[Start of section]

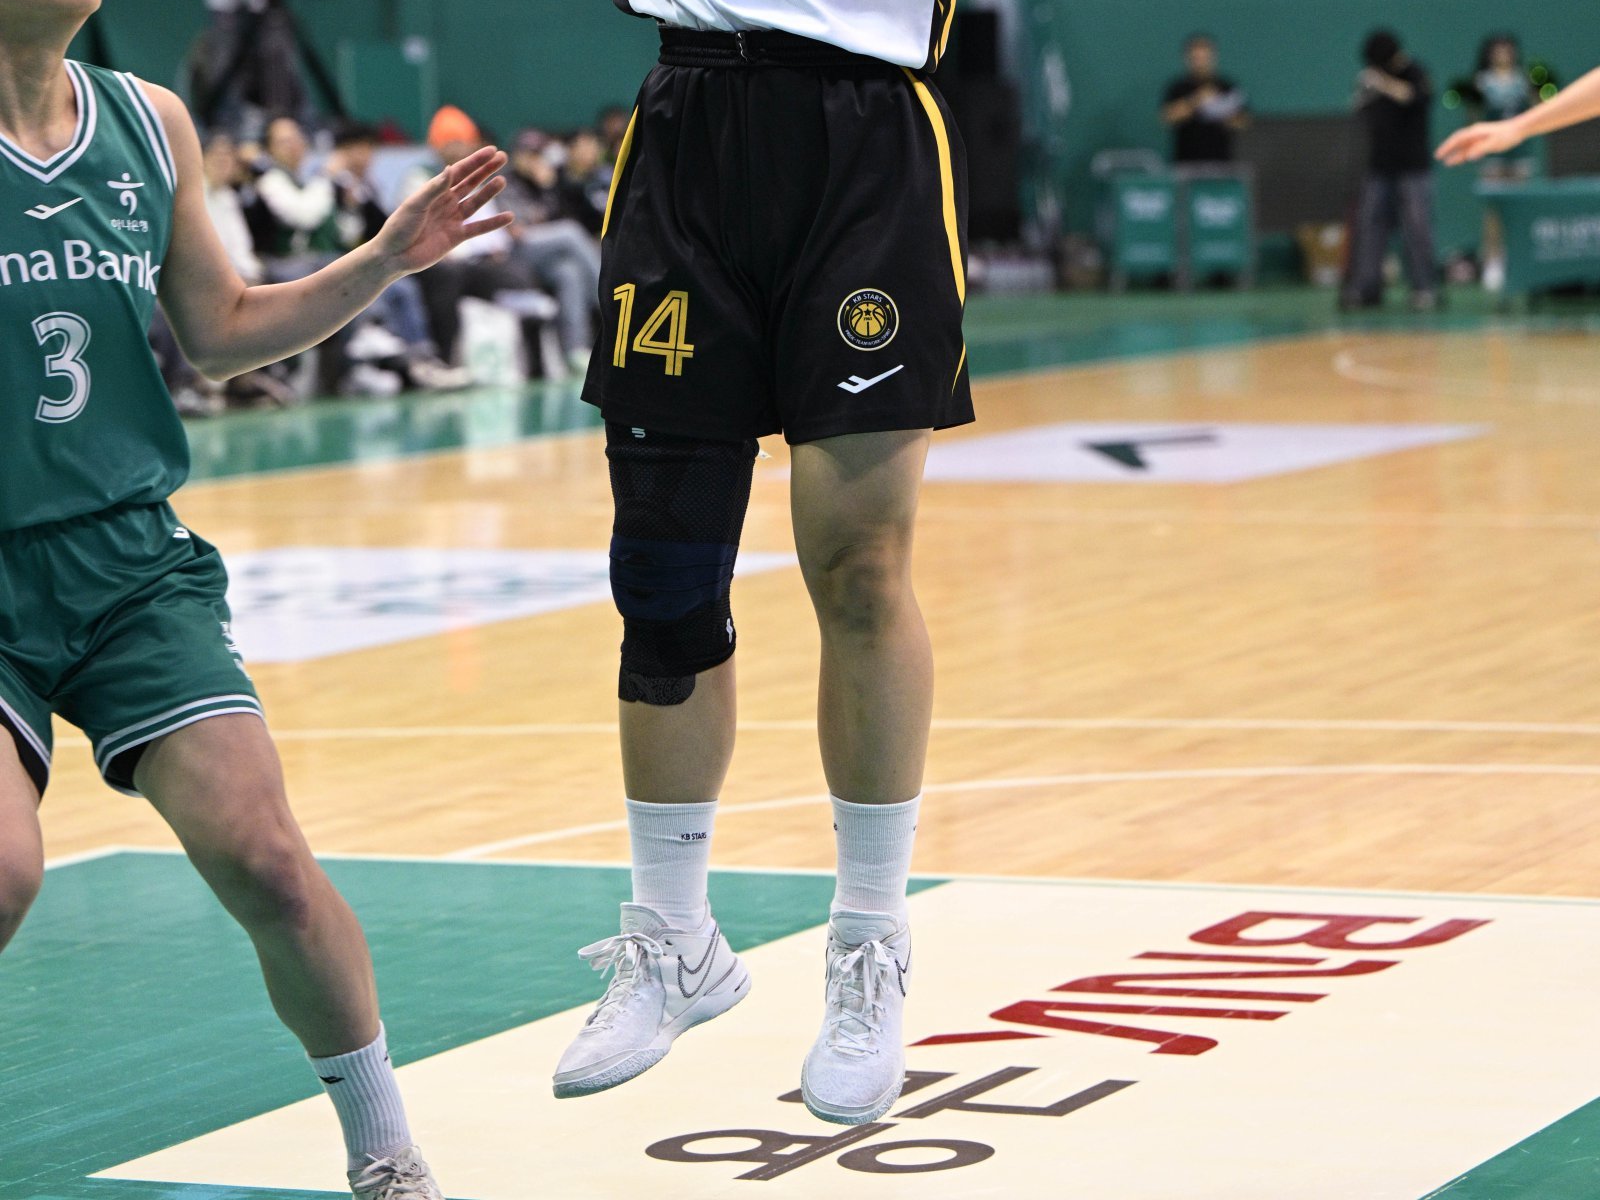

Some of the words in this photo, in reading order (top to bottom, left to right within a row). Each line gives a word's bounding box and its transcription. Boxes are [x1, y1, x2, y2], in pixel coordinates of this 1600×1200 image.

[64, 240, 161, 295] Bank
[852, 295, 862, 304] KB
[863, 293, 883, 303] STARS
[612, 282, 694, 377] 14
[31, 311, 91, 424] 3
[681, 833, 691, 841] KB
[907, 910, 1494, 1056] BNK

[End of section]

Each line above is to be repeated exactly as written; no picture is carried over.

Some of the words in this photo, in reading order (top to bottom, left to right within a row). Each line gives a word's bounding box and its transcription. Boxes are [x1, y1, x2, y2], in pixel coordinates of this 1600×1200 image.

[64, 240, 161, 295] Bank
[852, 295, 862, 304] KB
[863, 293, 883, 303] STARS
[612, 282, 694, 377] 14
[31, 311, 91, 424] 3
[681, 833, 691, 841] KB
[907, 910, 1494, 1056] BNK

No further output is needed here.